5.3. Il commercio

 

Analisi della rete

Uno sguardo più ampio all’ambito nazionale, secondo quanto recentemente pubblicato da Infocamere, mostra che, a fronte di un aumento complessivo del numero delle imprese, si è registrato nel

primo trimestre del 2001 una diminuzione complessiva di 7.952 unità commerciali pari ad un tasso di crescita negativo dello – 0.52%. La dinamica natalità- mortalità delle imprese mette in evidenza il processo di ristrutturazione in atto nel settore del commercio. Lo studio condotto da Unioncamere attribuisce, infatti, tale risultato negativo al processo di ammodernamento che sta coinvolgendo il settore. La ristrutturazione in atto si evince da una diminuzione che riguarda prevalentemente le ditte individuali nel commercio (5.951) e da un contemporaneo aumento riguardante esclusivamente le società di capitale (+ 461) pari ad un tasso di crescita dello 0.25%.[1]   Un dato interessante se incrociato con i dati provinciali dai quali emerge un prevalenza delle ditte individuali (il 70.95% sul totale) e delle società di persone (21.17%) sulle altre forme giuridiche.
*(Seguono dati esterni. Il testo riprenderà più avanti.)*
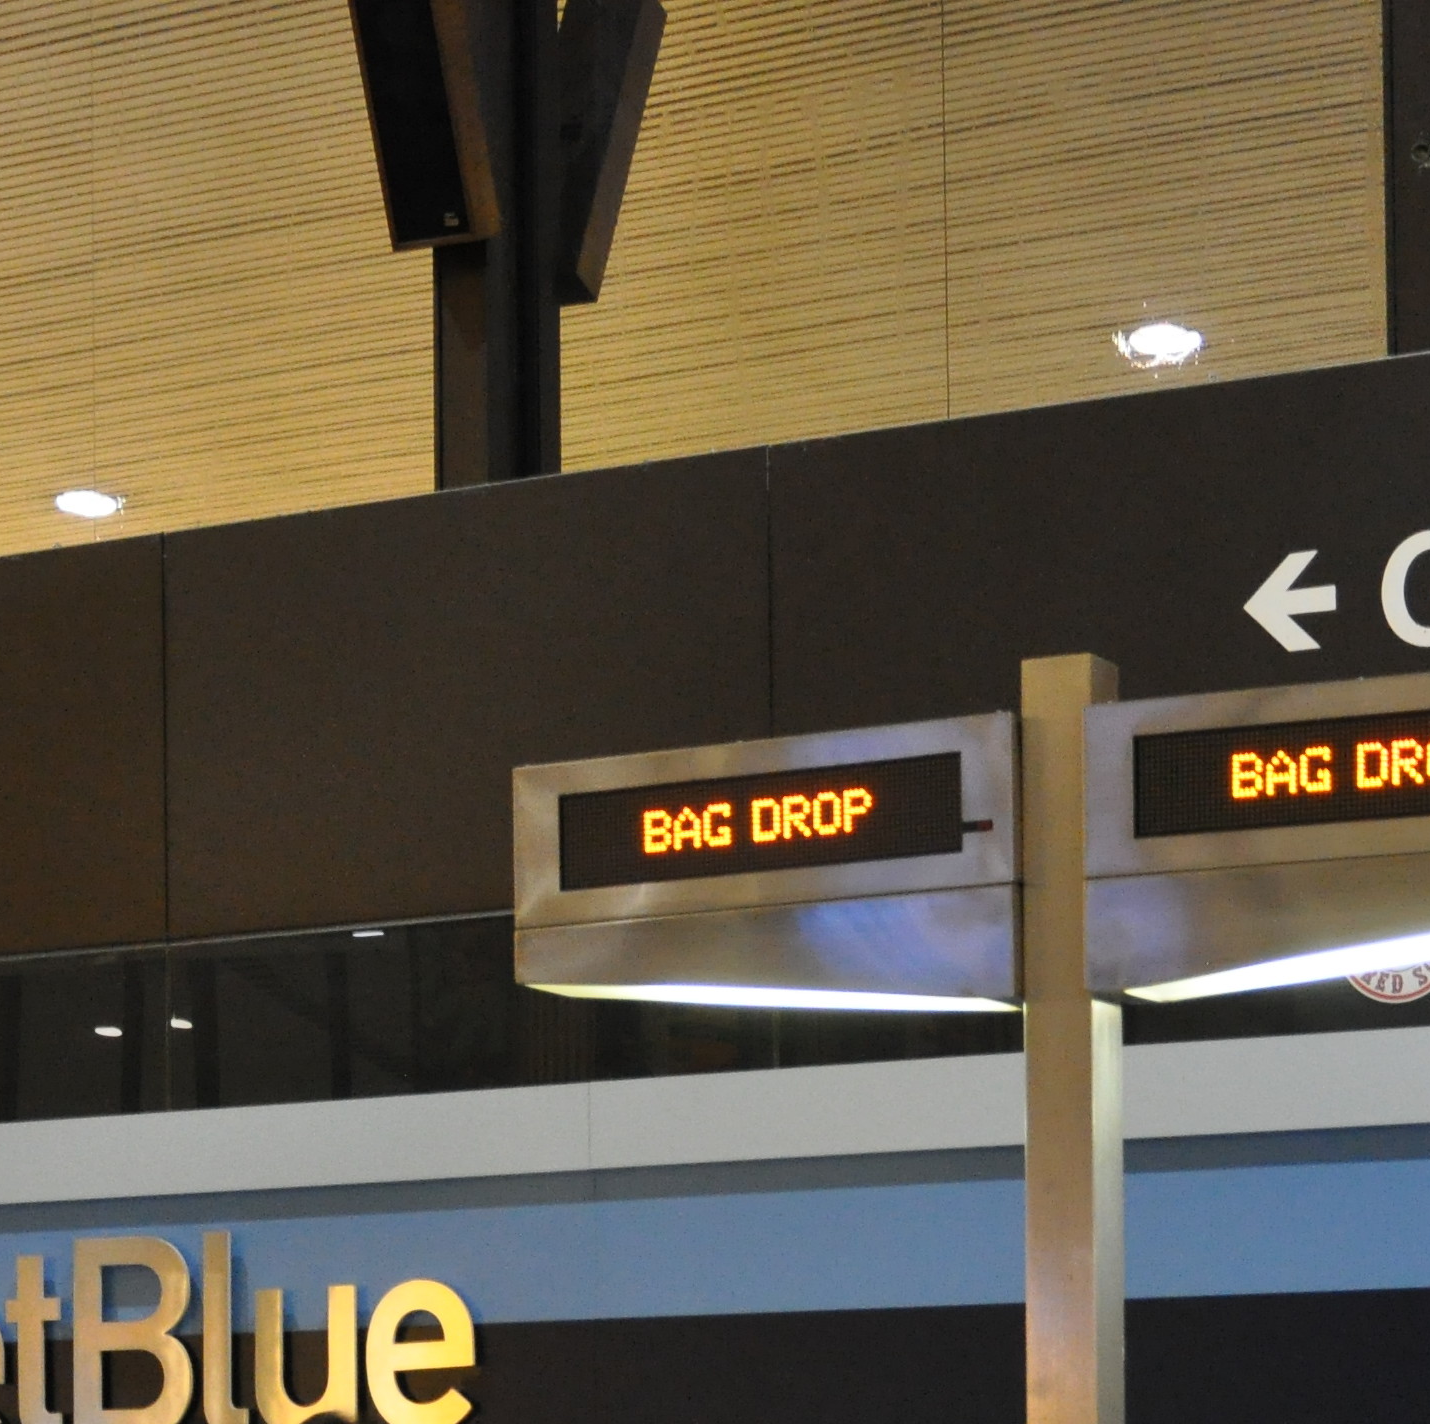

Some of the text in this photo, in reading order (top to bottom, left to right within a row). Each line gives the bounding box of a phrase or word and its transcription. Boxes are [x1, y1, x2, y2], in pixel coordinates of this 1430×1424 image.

[1230, 744, 1334, 800] BAG
[642, 787, 874, 855] BAG DROP
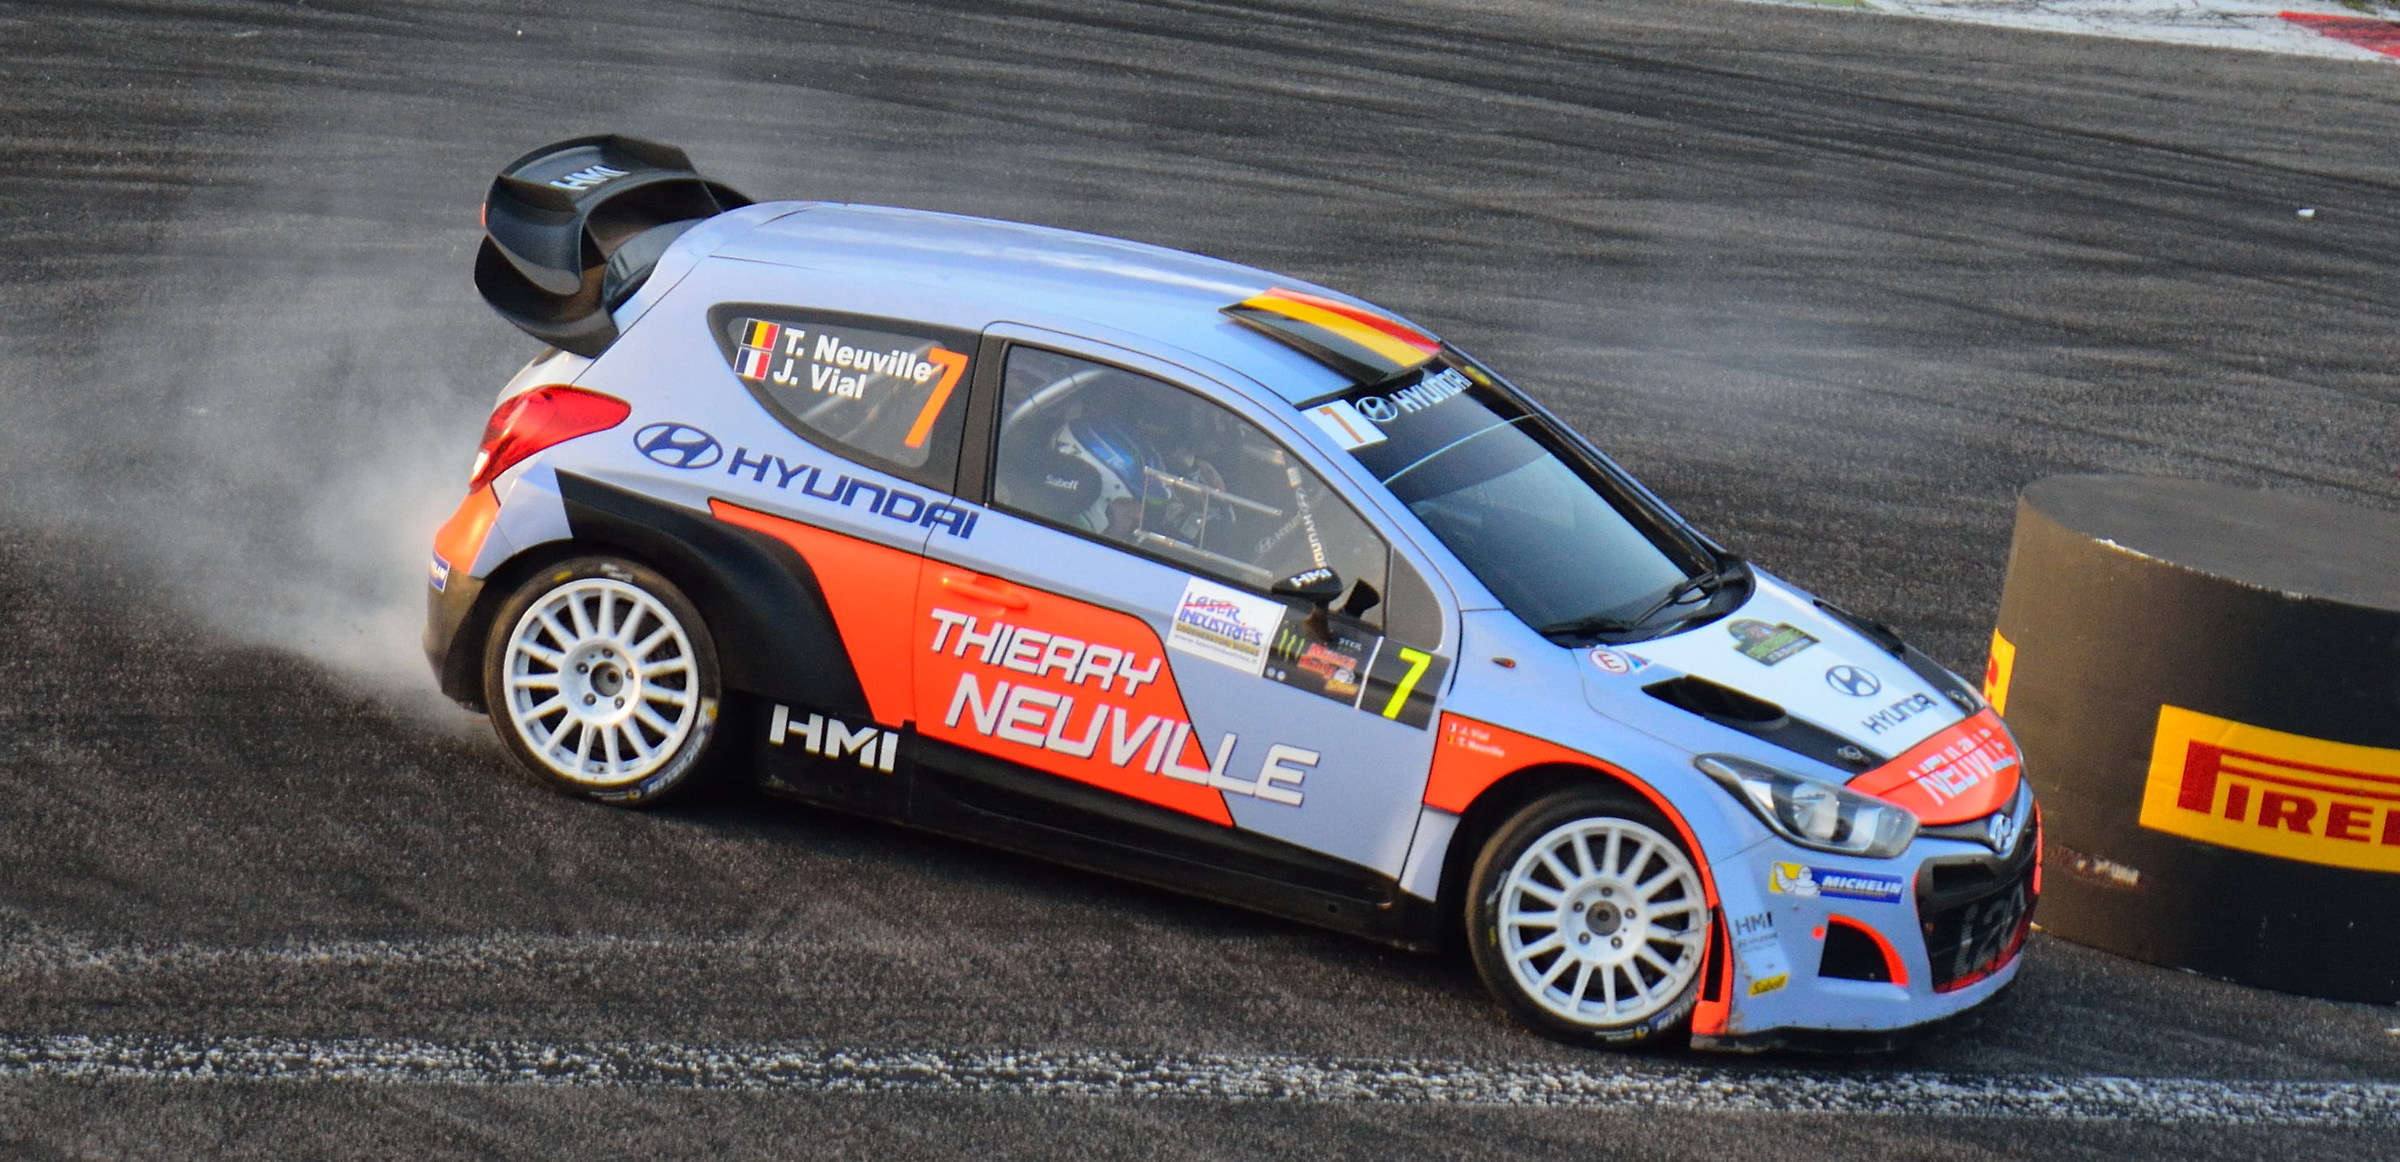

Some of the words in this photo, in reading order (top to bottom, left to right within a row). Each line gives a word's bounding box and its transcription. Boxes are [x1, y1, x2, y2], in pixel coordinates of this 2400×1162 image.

[550, 165, 630, 190] HMI
[773, 359, 798, 385] J.
[811, 363, 867, 399] Vial
[784, 328, 806, 356] T.
[813, 334, 932, 382] Neuville
[904, 347, 969, 448] 7
[727, 448, 979, 539] HYUNDAI
[930, 609, 1162, 697] THIERRY
[1382, 647, 1432, 720] 7
[768, 704, 899, 773] HMI
[945, 674, 1321, 807] NEUVILLE
[1822, 875, 1902, 894] MICHELIN
[1734, 911, 1773, 935] HMI
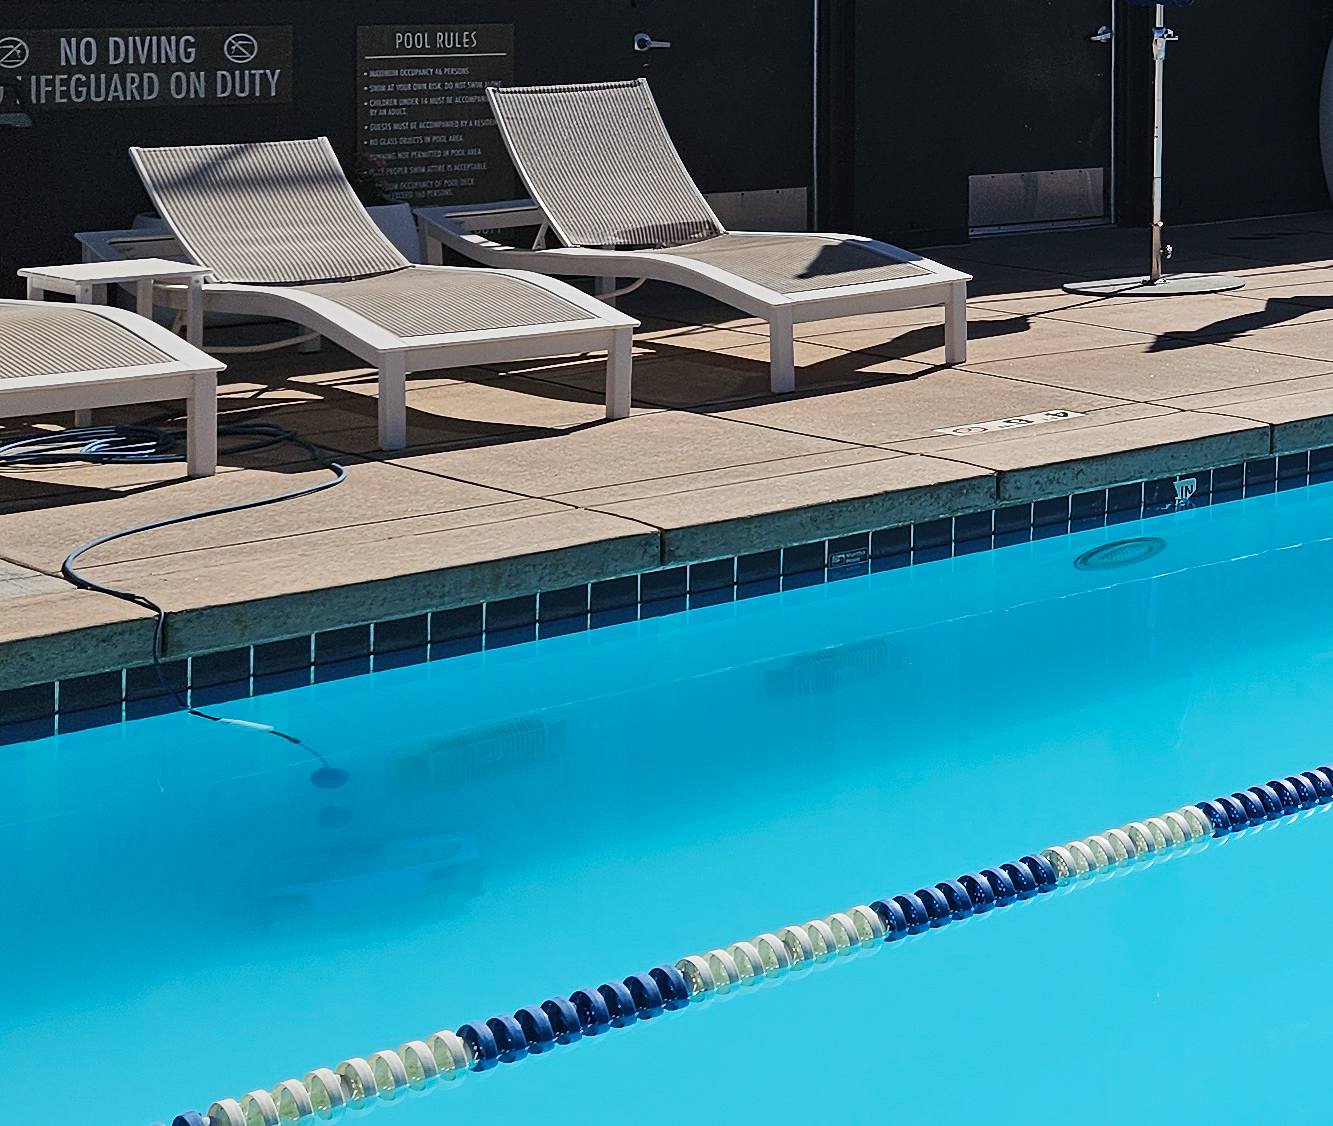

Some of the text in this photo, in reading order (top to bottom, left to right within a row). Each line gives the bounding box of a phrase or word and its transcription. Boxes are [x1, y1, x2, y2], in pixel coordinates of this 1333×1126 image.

[60, 36, 195, 66] NO DIVING
[396, 31, 477, 49] POOL RULES
[17, 72, 159, 105] IFEGUARD
[170, 72, 206, 100] ON
[216, 70, 281, 98] DUTY
[1181, 484, 1194, 498] IN
Lo stesso rapporto sull’economia provinciale della C.C.I.A.A riferito ai dati  1999 ha evidenziato una contrazione delle imprese individuali e delle società di persone, con l’unica eccezione delle società di capitali che  hanno totalizzato una tendenza al rialzo pari all’11,5%.[2] Il 2000 è caratterizzato come un anno di forte ripresa delle aperture di esercizi commerciali da ricondurre all’applicazione delle nuove norme sulla libertà d’accesso, introdotte dalla riforma del settore: nella provincia sono registrate 337 nuove iscrizioni nei registri camerali relative al commercio al dettaglio fisso con un saldo positivo pari a +76, in controtendenza rispetto al saldo  tra imprese iscritte e cancellate del 1999  pari a –74.[3]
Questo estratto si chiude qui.